As I write this article, the dead bodies from the London attack yesterday are still warm. I don’t particularly want to write this article, but monitoring social media, I see this has struck a nerve with the people in the UK. Now, more than ever, we need to think carefully and rationally about our future actions. I don’t believe I have lost anybody in these attacks, but I hope my thinking will remain the same regardless of that point.


NOTE: I was going to go through and explain the background of this, but the reading material is so depressing I can’t bring myself to do it. I leave you with this to start your own research:

  1. 9/11
  2. Afghanistan + Iraq
  3. ISIS Formed
  4. Attacks by ISIS
  5. Attacks on ISIS by Russia + Rebels (not working together, mind you)
  6. Attacks by ISIS (including UK attacks)

This is of course a simplification, but you’ll see in your research what is meant.
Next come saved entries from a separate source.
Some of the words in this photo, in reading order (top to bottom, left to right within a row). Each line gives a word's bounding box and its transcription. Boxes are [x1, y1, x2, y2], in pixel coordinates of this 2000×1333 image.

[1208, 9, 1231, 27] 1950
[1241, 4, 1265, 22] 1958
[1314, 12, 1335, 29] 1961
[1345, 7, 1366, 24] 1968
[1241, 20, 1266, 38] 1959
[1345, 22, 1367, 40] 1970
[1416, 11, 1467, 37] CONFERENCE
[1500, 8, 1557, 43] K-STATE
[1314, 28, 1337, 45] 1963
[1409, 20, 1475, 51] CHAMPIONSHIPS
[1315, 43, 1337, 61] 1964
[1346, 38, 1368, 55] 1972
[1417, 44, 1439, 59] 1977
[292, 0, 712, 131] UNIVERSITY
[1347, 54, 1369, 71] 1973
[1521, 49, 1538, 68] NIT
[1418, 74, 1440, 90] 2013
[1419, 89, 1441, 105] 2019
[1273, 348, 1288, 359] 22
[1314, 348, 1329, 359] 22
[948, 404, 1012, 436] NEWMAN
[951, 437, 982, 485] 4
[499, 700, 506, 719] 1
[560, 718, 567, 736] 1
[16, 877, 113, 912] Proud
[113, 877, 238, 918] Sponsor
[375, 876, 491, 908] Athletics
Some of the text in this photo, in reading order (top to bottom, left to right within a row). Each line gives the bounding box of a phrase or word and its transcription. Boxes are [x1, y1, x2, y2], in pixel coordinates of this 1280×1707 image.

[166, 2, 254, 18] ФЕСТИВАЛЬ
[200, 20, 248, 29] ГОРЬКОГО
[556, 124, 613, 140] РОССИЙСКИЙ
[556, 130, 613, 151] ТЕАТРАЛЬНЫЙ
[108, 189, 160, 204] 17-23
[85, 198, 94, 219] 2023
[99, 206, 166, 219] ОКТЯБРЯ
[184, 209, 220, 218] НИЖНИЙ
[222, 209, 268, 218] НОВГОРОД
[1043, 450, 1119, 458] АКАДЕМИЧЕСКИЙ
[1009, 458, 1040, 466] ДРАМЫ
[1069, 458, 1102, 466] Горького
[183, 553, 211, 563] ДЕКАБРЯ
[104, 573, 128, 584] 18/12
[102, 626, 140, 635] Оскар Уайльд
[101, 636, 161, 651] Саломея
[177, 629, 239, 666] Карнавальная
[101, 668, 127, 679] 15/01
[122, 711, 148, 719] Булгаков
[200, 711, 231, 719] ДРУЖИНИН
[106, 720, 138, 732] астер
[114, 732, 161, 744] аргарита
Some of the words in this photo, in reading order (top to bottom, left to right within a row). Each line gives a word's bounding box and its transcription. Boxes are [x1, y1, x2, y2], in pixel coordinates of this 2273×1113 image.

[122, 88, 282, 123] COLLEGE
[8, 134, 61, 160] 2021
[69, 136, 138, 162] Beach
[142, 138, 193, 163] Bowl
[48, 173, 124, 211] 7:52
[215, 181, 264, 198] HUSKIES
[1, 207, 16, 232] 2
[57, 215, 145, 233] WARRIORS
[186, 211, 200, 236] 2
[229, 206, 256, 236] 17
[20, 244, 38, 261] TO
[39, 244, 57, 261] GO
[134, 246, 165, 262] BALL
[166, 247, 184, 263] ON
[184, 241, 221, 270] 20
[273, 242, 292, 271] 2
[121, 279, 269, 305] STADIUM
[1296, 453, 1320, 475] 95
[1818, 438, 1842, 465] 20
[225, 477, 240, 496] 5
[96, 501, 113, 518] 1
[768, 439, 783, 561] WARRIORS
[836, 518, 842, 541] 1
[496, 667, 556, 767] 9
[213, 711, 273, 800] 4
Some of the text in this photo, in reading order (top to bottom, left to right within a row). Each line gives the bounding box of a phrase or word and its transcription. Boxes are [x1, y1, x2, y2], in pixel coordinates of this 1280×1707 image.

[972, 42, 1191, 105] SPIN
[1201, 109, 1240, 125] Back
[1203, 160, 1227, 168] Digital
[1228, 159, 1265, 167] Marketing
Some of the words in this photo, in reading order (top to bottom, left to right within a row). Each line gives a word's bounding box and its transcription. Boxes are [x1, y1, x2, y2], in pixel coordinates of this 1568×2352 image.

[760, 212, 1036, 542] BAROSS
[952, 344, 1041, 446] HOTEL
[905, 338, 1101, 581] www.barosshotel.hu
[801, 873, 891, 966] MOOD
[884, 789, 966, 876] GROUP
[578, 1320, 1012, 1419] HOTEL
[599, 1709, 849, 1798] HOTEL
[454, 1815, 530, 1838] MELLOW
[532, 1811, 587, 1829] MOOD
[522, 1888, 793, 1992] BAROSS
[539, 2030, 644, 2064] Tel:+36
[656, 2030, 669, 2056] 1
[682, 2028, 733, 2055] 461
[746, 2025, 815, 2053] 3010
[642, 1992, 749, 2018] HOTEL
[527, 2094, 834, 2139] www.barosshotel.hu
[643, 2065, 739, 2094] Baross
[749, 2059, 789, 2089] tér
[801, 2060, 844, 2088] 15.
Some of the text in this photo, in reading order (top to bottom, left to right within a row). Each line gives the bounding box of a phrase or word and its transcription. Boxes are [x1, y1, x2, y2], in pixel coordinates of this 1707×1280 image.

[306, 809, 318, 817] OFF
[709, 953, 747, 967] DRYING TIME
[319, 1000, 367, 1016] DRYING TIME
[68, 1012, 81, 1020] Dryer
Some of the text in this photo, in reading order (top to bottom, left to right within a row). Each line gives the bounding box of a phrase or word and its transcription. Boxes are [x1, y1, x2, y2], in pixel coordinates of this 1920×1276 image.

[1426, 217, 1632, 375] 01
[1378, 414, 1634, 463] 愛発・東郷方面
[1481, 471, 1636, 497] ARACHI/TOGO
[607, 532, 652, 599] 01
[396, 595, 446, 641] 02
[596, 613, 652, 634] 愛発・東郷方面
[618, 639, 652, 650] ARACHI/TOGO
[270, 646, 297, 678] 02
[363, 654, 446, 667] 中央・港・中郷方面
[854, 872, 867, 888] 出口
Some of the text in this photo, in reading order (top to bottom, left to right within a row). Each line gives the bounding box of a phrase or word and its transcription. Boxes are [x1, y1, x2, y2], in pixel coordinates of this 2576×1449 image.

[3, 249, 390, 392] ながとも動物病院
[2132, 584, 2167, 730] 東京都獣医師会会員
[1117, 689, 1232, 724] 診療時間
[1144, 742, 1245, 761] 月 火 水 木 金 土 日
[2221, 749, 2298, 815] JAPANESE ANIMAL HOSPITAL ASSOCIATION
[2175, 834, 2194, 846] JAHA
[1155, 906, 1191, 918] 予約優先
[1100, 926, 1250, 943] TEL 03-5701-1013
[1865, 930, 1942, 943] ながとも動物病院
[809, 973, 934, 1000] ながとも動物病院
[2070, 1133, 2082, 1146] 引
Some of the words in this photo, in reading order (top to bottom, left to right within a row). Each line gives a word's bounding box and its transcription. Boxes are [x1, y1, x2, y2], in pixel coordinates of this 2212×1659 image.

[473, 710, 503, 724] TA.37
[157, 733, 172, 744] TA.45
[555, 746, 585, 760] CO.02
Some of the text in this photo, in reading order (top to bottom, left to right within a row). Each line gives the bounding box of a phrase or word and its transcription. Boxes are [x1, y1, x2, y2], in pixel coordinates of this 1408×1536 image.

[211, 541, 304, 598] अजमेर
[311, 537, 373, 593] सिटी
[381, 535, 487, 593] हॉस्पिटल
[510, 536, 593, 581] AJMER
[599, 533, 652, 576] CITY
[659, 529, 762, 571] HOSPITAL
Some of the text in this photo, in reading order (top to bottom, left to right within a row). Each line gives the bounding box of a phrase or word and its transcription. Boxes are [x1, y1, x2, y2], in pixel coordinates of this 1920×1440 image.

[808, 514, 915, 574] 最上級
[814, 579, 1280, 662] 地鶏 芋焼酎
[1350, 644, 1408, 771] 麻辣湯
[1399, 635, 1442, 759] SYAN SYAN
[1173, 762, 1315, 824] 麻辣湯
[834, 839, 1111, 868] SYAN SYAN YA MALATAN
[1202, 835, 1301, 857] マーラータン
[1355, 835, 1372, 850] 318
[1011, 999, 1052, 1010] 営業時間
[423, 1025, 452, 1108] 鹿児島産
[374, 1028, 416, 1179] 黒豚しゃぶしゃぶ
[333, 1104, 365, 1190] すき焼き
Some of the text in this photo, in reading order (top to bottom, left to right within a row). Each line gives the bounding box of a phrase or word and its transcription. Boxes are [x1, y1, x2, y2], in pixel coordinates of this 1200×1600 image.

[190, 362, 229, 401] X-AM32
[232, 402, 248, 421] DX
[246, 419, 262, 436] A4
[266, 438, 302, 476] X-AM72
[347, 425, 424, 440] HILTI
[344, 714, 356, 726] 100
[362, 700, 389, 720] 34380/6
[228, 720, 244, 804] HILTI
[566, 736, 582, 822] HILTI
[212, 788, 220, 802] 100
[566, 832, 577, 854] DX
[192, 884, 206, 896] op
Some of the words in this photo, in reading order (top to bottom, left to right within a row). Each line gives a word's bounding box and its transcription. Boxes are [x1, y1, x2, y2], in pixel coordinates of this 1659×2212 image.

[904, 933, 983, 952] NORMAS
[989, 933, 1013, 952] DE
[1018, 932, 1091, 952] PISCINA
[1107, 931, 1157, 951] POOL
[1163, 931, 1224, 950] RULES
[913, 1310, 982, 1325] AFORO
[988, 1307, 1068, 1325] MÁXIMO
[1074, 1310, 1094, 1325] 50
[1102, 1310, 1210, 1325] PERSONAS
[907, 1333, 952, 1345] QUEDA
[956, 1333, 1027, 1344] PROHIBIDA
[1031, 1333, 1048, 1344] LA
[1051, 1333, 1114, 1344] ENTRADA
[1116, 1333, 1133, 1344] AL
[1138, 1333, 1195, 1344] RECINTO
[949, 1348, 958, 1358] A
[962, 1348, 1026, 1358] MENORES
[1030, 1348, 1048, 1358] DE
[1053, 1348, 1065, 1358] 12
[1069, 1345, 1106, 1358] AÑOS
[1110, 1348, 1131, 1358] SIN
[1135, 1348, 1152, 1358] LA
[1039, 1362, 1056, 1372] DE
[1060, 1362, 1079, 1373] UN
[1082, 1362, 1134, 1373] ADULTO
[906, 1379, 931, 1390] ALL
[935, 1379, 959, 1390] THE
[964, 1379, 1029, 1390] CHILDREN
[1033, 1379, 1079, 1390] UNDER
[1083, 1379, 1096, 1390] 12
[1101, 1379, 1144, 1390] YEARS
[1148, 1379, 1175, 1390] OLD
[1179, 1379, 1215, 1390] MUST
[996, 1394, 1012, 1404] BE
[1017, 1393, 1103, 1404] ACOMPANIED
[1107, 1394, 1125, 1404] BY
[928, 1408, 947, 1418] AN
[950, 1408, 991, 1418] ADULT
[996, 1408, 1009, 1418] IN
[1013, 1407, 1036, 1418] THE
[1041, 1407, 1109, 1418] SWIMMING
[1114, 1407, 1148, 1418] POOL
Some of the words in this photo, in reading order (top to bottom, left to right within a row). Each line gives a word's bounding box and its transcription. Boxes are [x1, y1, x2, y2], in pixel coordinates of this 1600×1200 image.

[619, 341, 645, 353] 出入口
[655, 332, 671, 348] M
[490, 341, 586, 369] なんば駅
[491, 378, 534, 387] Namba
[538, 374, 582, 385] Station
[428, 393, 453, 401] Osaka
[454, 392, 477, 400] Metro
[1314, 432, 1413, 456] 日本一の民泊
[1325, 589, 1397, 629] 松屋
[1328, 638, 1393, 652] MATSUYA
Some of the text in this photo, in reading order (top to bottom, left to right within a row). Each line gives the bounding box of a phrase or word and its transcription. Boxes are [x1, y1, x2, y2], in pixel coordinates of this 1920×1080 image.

NOTE: Now there’s some words to get yourself on a watch list!

Problem Formalisation

To think about this problem logically, we must first abstract the problem away, so that it can apply to other areas. Below is a diagram I have come up with to describe what I believe to be the abstraction:

State Diagram

I have labelled the diagram “them” and “us”, to capture how most people may think about most situations they are involved in. Important things to note is that the diagram works clockwise and that both sides are mirror reflections of one another. The reason why both sides are mirror reflections is that both sides believe they are acting correctly, therefore having equal reaction.

One example of this could a pub fight:

Now in this diagram, “Political Action” is now a step that can be skipped.

And so on, so fourth. There exists also an even smaller loop, where the anger no longer even comes into effect any more. This tends to be strictly true of heated battles, where both parties have lost their taste for war but cannot give up in fear of what the other person will do in that case.


There are a few solutions to consider, based on what we are willing/want to do:

Strike Back

So the first of the solutions the UK could apply is to strike back, which to most people seems like the most “logical” option for our Country to take. This initial strike has already taken place, moments after the attack [4], with Theresa May calling for higher levels of surveillance on the Country. This is obviously a form of political action, but here we have embers to start physical action. This will likely come in the form of military on the streets of London, as they have been recently in Manchester.

Of course, the consequences of this are that we do not have the power to see this loop through with our current limitations, as evidenced in the Iraq and Afghanistan war. We may have the more advanced weaponry, but with our rules and regulations, coupled with the fact that our enemies are more willing to die for their cause than we are, sees that they are also very capable foes.

With two relatively well matched forces, the likely hood is that we will end up in a long war, such as UK vs Germany in the world wars. As long as we tie one hand back in the name of keeping our current way of life and our enemy fights with both hands, we will have our work cut out for us.

Great Weapon

The next possible solution is that we go all the way and we unleash some great weapon. At first this sounds great, but of course this puts us in an even worse situation, for several reasons:

  • There is now something for the enemy to be truly angry about - you’ve just fuelled the survivors anger even further.
  • Such a show of force is likely to have unwanted casualties, this puts you in a bad place with the locals.
  • Worse still, this puts you in a bad place with the people other than the locals - this ups the stakes the other people must go to in order to show their force. Your show of force has to be feared at least equally as much as your neighbour to hold any power.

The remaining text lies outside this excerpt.